Re: CoInitialize/CoUninitialize

From:
"Alf P. Steinbach" <alfps@start.no>
Newsgroups:
microsoft.public.vc.language
Date:
Mon, 30 Jun 2008 13:13:33 +0200
Message-ID:
<3qednWbwtcR8IvXVnZ2dnUVZ_ojinZ2d@posted.comnet>
* George:

Thanks Alf,

1.

I have to set manually ole32!CoInitialize, or else if I only type
CoInitialize, WinDbg will think the function resides in Kernel32.dll, and
will never stop on the breakpoint, even if it is called.

Do you think it is a bug of WinDbg?


I think you're concentrating on entirely the wrong thing.

2.

"You don't want to call CoInitialize/CoUninitialize locally anywhere, because
that doesn't work with e.g. Internet Explorer machinery." and "Don't rely on
any local calls." -- could you say the comments in some other words please?
Sorry, my English is not good.


Here is bad code, relying on local COM initialization:

   void doAnHTMLDialog()
   {
       if( !SUCCEEDED( CoInitialize() ) )
       {
           throwX( "Unable to initalize COM" );
       }

       // Do HTML dialog using COM-based IE machinery, then

       CoUninitialize();
       // Dontcha know, there might still be some thread using COM! Splat!
   }

   int main()
   {
       doAnHTMLDialog();
       // Perhaps do other things here, then:
       return EXIT_SUCCESS;
   }

Here is less bad code, which might even be counted as good if one ignores
exception safety aspects and lack of abstraction and reusability:

   void doAnHTMLDialog()
   {
       HRESULT const initResult = CoInitialize();
       if( FAILED( initResult ) )
       {
           throwX( "Unable to initalize COM" );
       }
       else if( initResult != S_OK )
       {
           CoUninitialize();
           throwX( "COM was not initialized before calling doAnHTMLDialog." );
       }
       CoUninitialize(); // "Undo" the checking call of CoInitialize.

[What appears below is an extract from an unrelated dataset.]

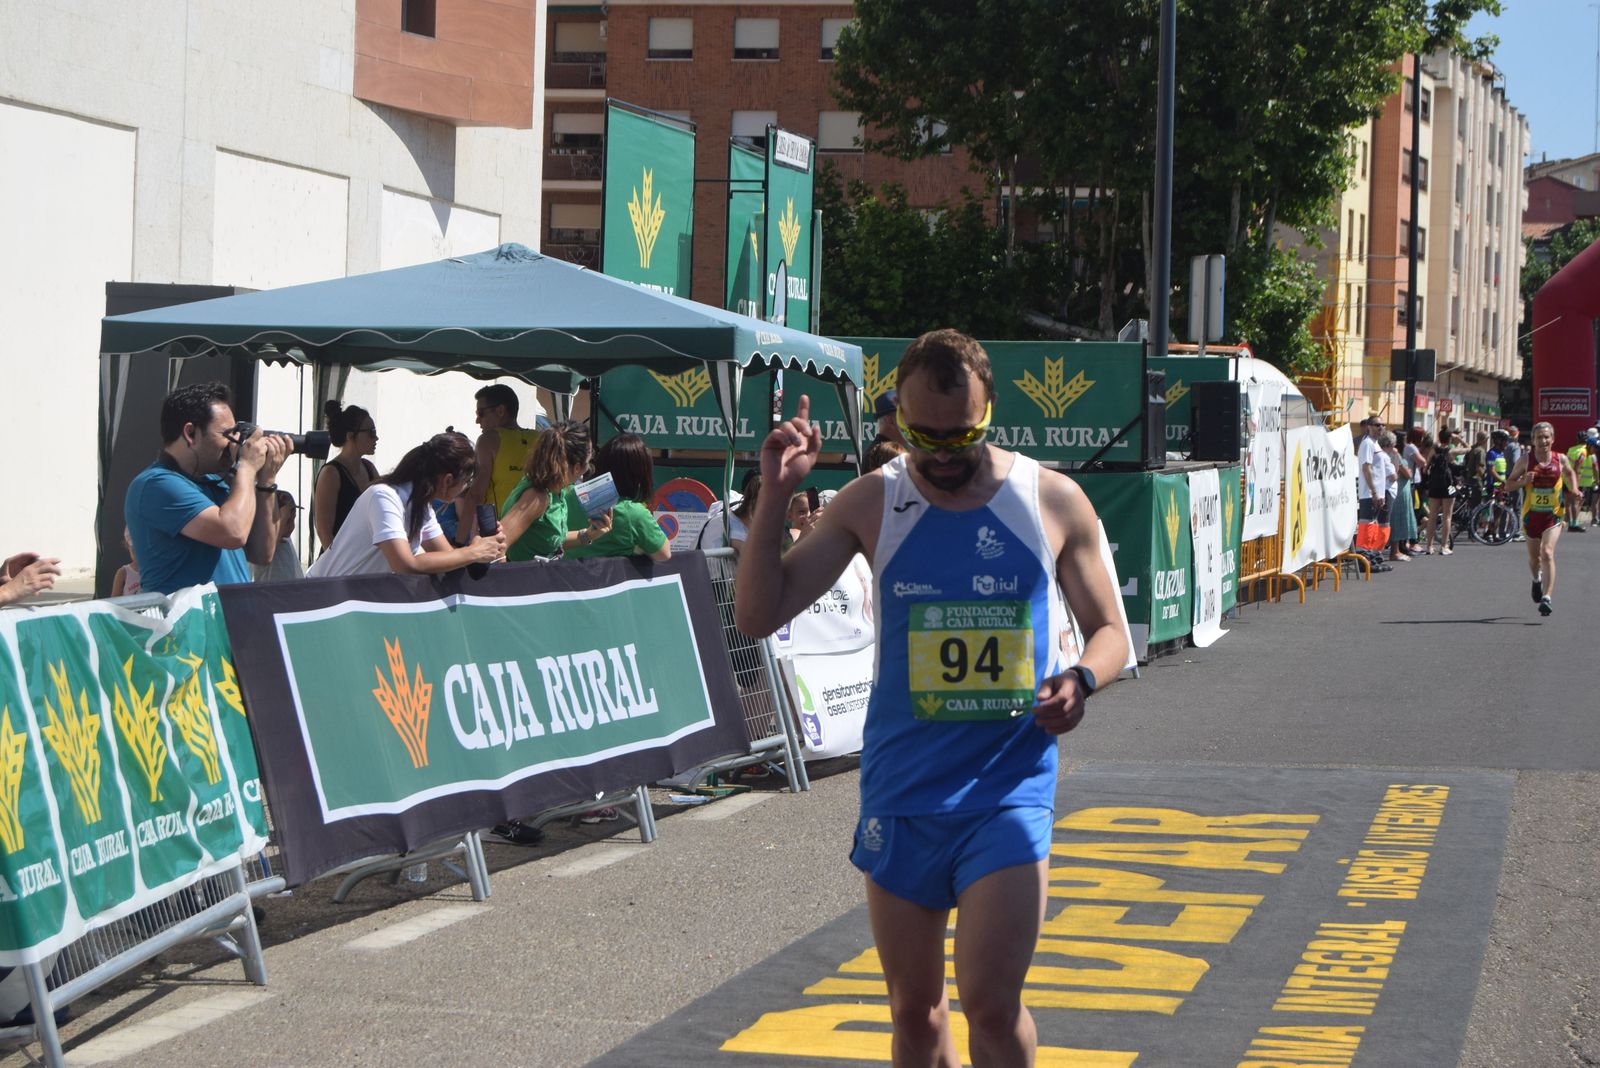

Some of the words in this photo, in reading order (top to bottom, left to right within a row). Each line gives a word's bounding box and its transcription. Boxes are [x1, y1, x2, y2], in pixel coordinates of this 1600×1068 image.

       // Do HTML dialog using COM-based IE machinery.
   }

   int main()
   {
       if( !SUCCEEDED( CoInitialize ) ) { return EXIT_FAILURE; }
       doAnHTMLDialog();
       // Perhaps do other things here, then:
       CoUninitialize();

       return EXIT_SUCCESS;
       // It's unclear exactly why terminating the process never invokes fatal
       // errors and undefined behavior for still running COM things, but, in
       // practice it's always worked. It's about the best one /can/ do with
       // ugly bug-ridden MS library software that gives no means of waiting
       // for finished cleanup, or of forcing cleanup.
   }

Cheers, & hth.,

- Alf

--
A: Because it messes up the order in which people normally read text.